A Cinemateca Francesa tomou a decisão controversa de cancelar a exibição de O Último Tango em Paris (1972), uma obra icónica mas também profundamente polémica. O filme, realizado por Bernardo Bertolucci e protagonizado por Marlon Brando e Maria Schneider, estava agendado para ser exibido a 15 de dezembro como parte de uma retrospetiva dedicada a Brando. Contudo, protestos de associações feministas e preocupações de segurança levaram à suspensão da sessão, que incluiria também um debate sobre as controvérsias em torno da produção.

Uma Decisão Marcada por Protestos e Controvérsia

A cena mais polémica do filme — uma sequência de violação simulada, gravada sem o consentimento prévio de Maria Schneider — tem sido amplamente criticada ao longo dos anos, especialmente após o surgimento do movimento #MeToo. Schneider, que tinha apenas 19 anos na altura das filmagens, revelou mais tarde que a cena foi planeada pelo realizador e por Brando sem o seu conhecimento. “Eu senti-me violada, tanto por Marlon como por Bertolucci”, afirmou Schneider numa entrevista antes de falecer em 2011.
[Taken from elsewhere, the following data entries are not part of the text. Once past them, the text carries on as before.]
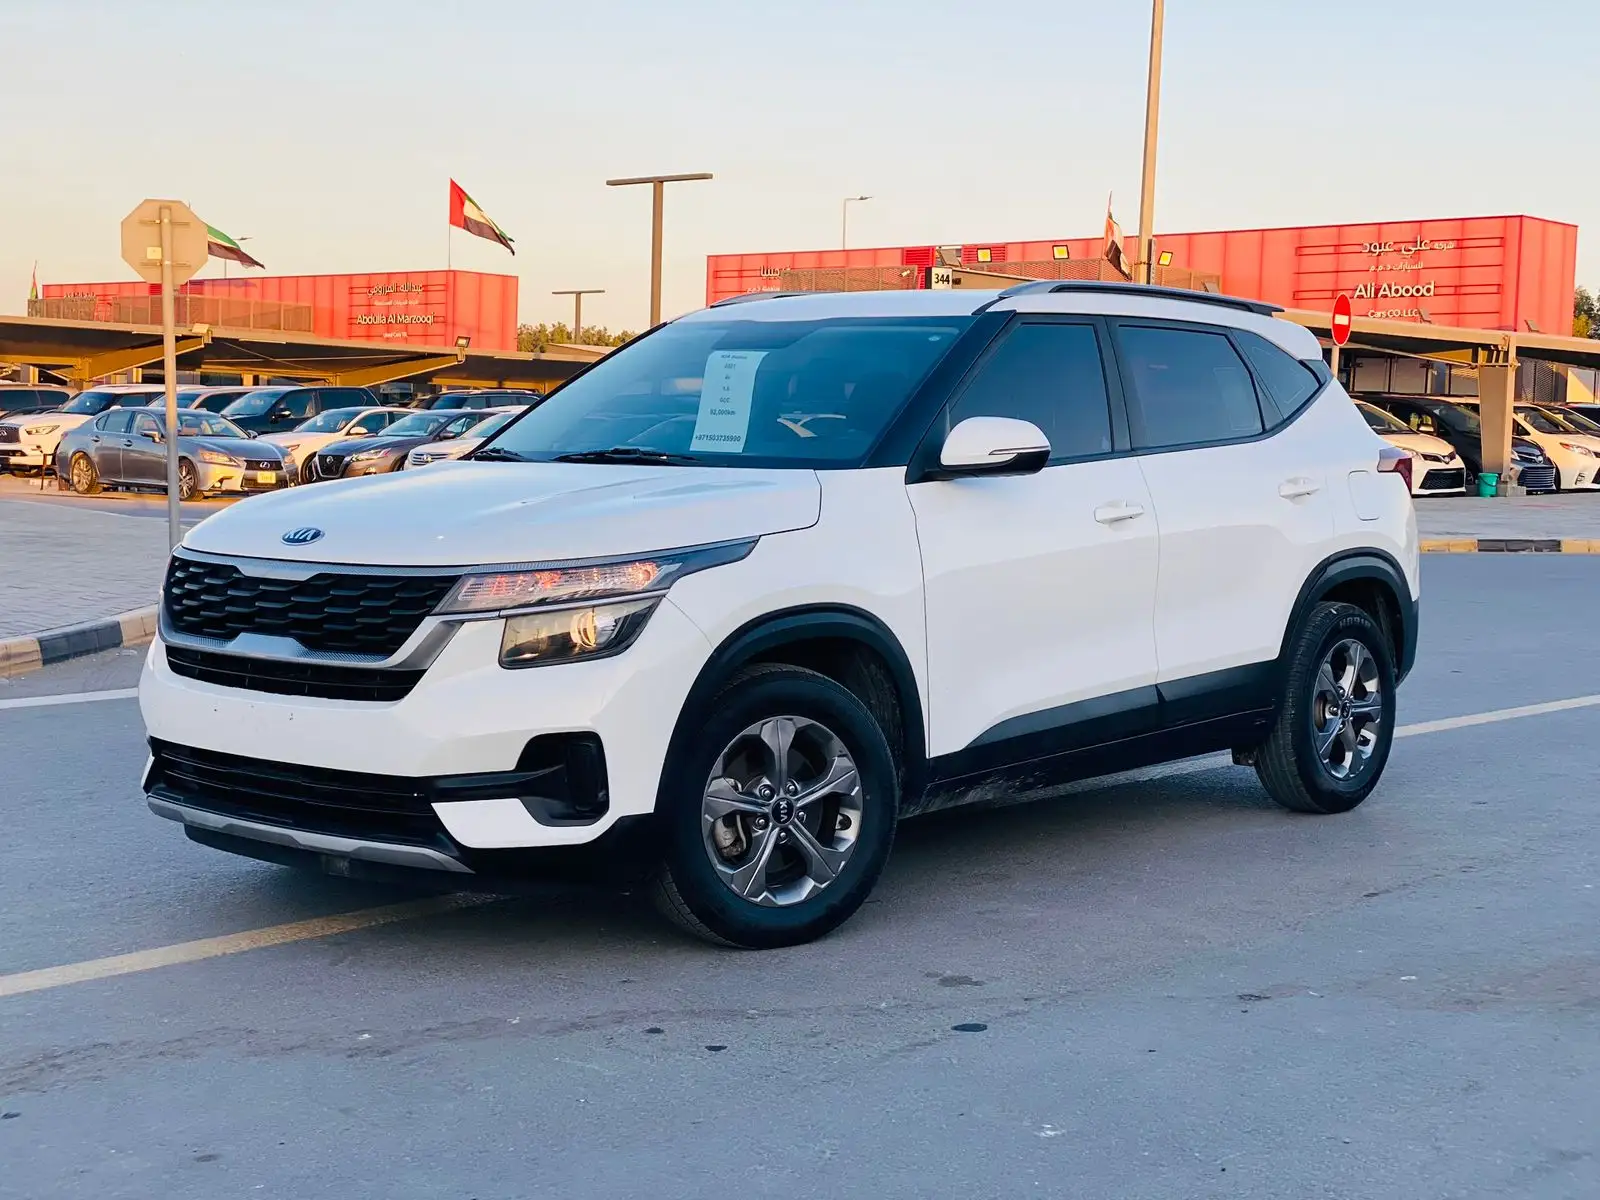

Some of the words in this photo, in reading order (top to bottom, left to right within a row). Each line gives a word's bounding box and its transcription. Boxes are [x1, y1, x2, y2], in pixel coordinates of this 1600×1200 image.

[1361, 240, 1395, 256] عبود
[1401, 234, 1431, 256] علي
[934, 273, 951, 285] 344
[1354, 281, 1376, 299] Ali
[1378, 280, 1436, 298] Abood
[357, 313, 387, 325] Abdulla
[387, 313, 396, 325] Al
[398, 311, 436, 327] Marzooqi
[284, 528, 317, 541] KIA
[780, 800, 788, 822] KIA
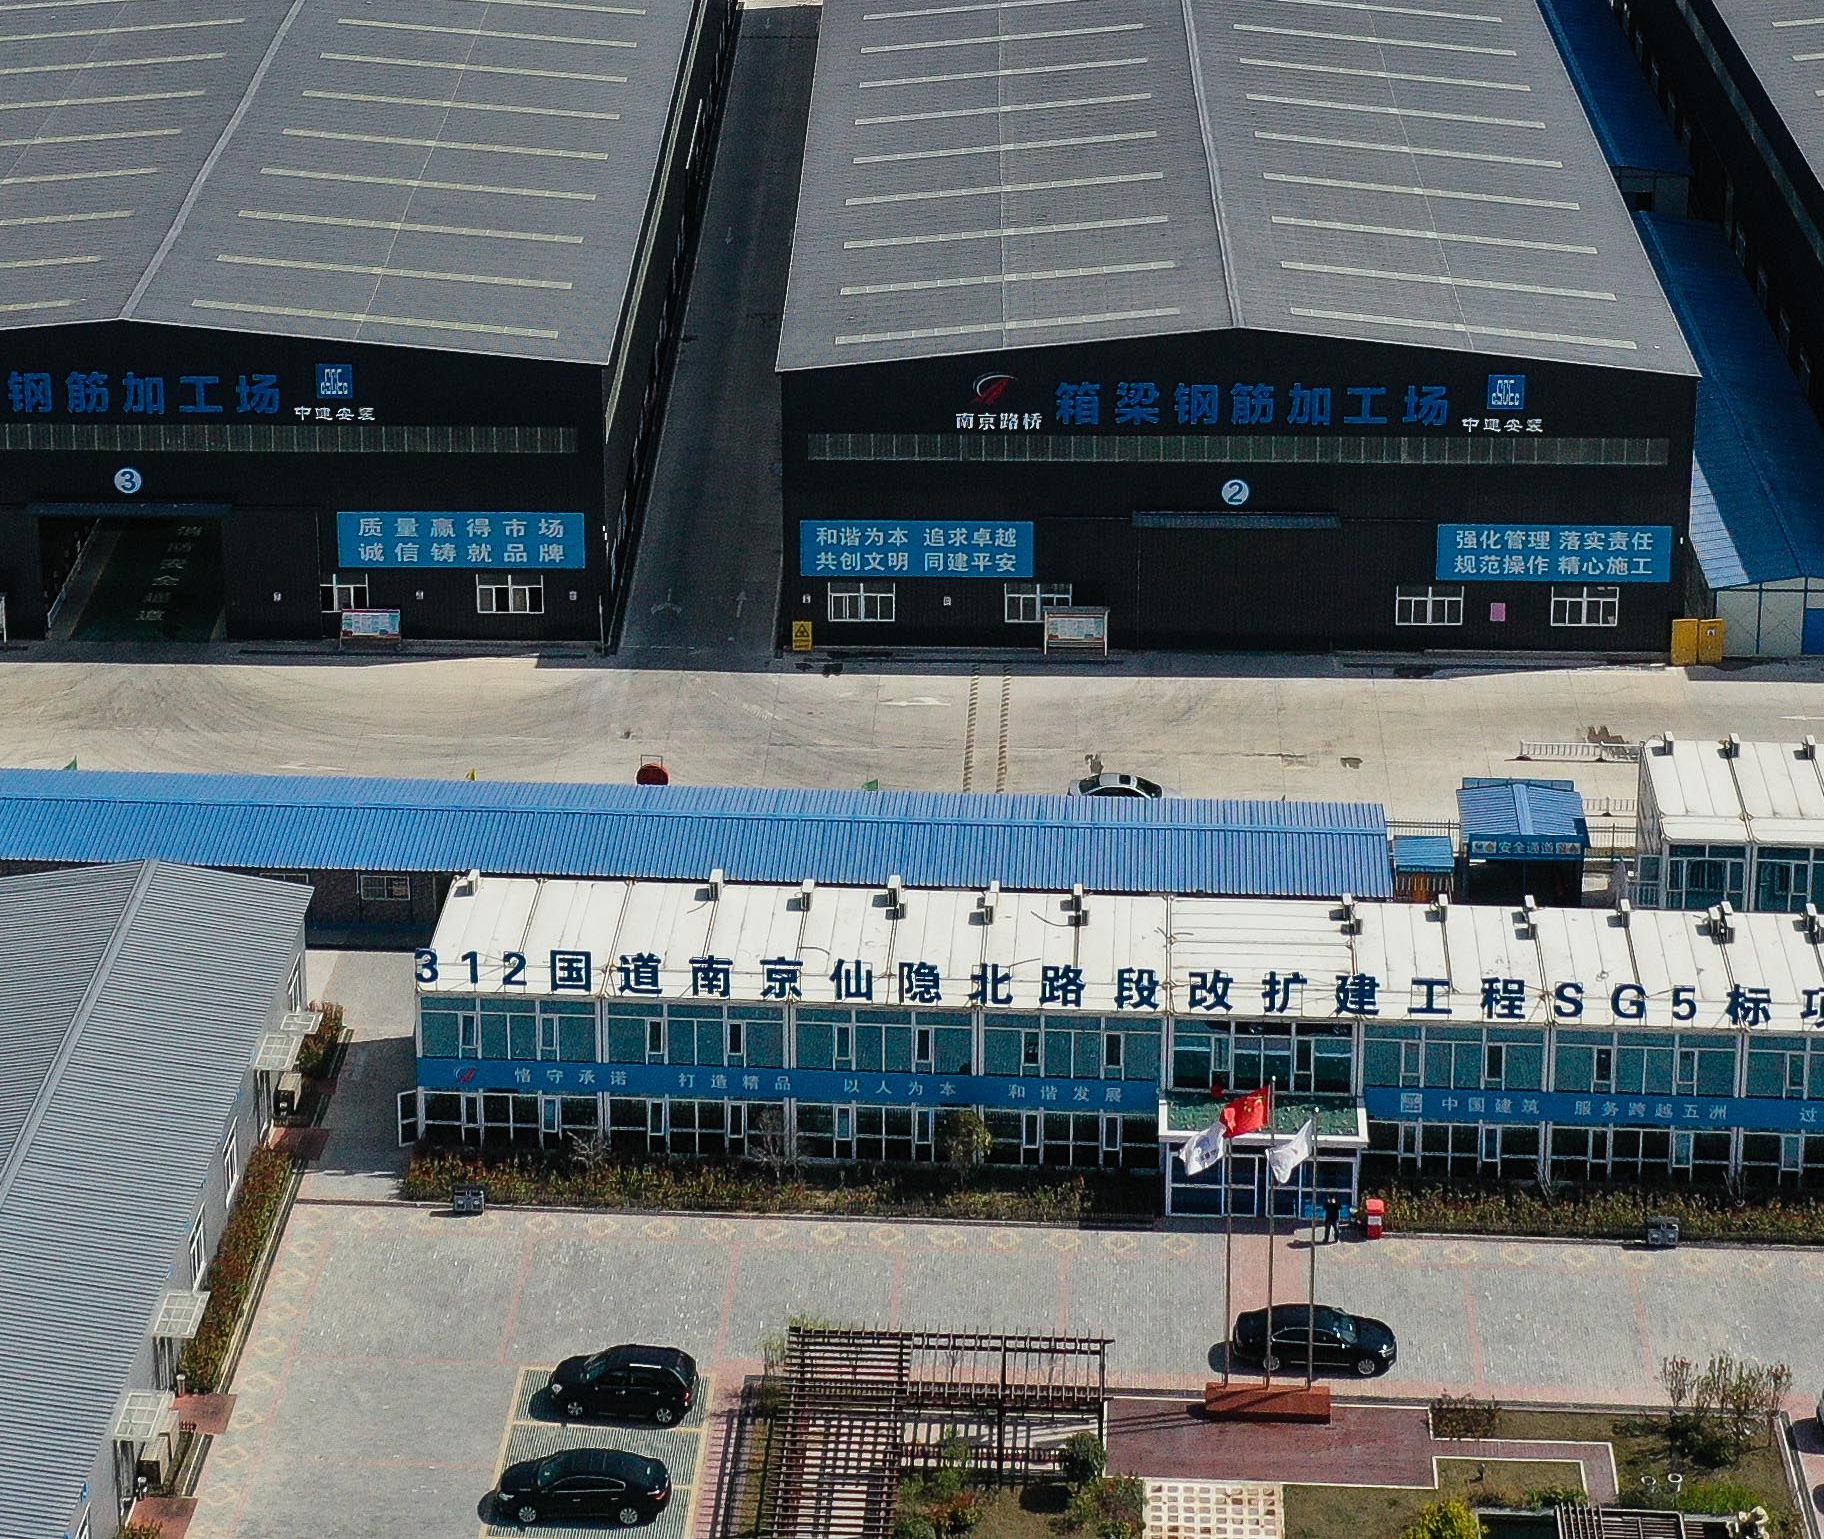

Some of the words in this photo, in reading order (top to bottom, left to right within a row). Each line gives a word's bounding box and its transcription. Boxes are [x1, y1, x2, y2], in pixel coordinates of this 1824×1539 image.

Associações feministas, atrizes e figuras públicas apelaram à Cinemateca para cancelar ou, pelo menos, contextualizar a exibição do filme, denunciando a falta de respeito para com Schneider. Judith Godrèche, uma figura de destaque do movimento #MeToo em França, criticou duramente a instituição, apelando à inclusão de uma mediação que abordasse o trauma vivido pela atriz.
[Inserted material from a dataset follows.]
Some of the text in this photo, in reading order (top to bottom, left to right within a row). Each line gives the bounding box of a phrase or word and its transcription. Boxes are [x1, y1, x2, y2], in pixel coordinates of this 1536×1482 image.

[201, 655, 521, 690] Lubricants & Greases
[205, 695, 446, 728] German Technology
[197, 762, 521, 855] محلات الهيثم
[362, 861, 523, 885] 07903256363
A Cinemateca e a Responsabilidade de Contextualizar

Inicialmente, a Cinemateca planeava acompanhar a exibição de O Último Tango em Paris com um debate sobre as questões éticas e sociais que o filme levanta. Contudo, Frédéric Bonnaud, diretor da Cinemateca, anunciou o cancelamento da sessão numa declaração oficial, citando preocupações de segurança. “Somos uma cinemateca, não um acampamento entrincheirado”, afirmou, referindo-se à crescente hostilidade e à potencial ameaça à segurança dos funcionários e do público.

A decisão surge numa altura sensível, em que o julgamento de Christophe Ruggia, acusado de agressão sexual à atriz Adèle Haenel quando esta era menor, está em andamento, reacendendo debates sobre a violência e o abuso no meio cinematográfico.

O Legado Polémico de O Último Tango em Paris

Lançado em 1972, O Último Tango em Paris foi imediatamente recebido com reações extremas, desde aclamação como obra-prima artística até repúdio devido à sua representação explícita de sexualidade e violência. A cena em questão levou a que o filme fosse classificado como pornográfico e condenado por diversas instituições, incluindo o Vaticano. Décadas depois, a sequência tornou-se um símbolo das práticas abusivas de algumas produções cinematográficas.

Jessica Chastain, uma das figuras de destaque do movimento #MeToo, criticou o filme em 2017: “Ver uma jovem de 19 anos a ser violada por um homem de 48 anos e saber que isso foi planeado deixa-me doente.” Estas palavras refletem um sentimento generalizado de que as práticas de rodagem da época muitas vezes ignoravam os direitos e a dignidade das mulheres.

A Reação da Indústria e o Debate Contínuo

A Cinemateca Francesa já tinha enfrentado situações semelhantes no passado. Em 2017, cancelou uma retrospetiva dedicada a Jean-Claude Brisseau, condenado por assédio sexual. Desta vez, a instituição encontrou-se novamente no centro de uma tempestade mediática, com críticos divididos entre a defesa da liberdade de expressão artística e a necessidade de abordar a violência histórica contra mulheres no cinema.

Por um lado, sindicatos como o SFA-CGT afirmaram que “filmar e transmitir violações continua a ser condenável”. Por outro, defensores da exibição do filme argumentaram que a obra deveria ser apresentada num contexto que permitisse a discussão informada sobre o seu impacto e significado histórico.

Conclusão

O cancelamento de O Último Tango em Paris na Cinemateca Francesa é mais do que uma decisão administrativa; é um reflexo das tensões em curso na indústria cinematográfica, onde a necessidade de reavaliar práticas passadas colide com a preservação do legado artístico. À medida que o cinema continua a enfrentar os desafios do movimento #MeToo, o caso deste filme serve como um lembrete de que, por vezes, a arte e a ética podem entrar em conflito de maneiras difíceis de resolver.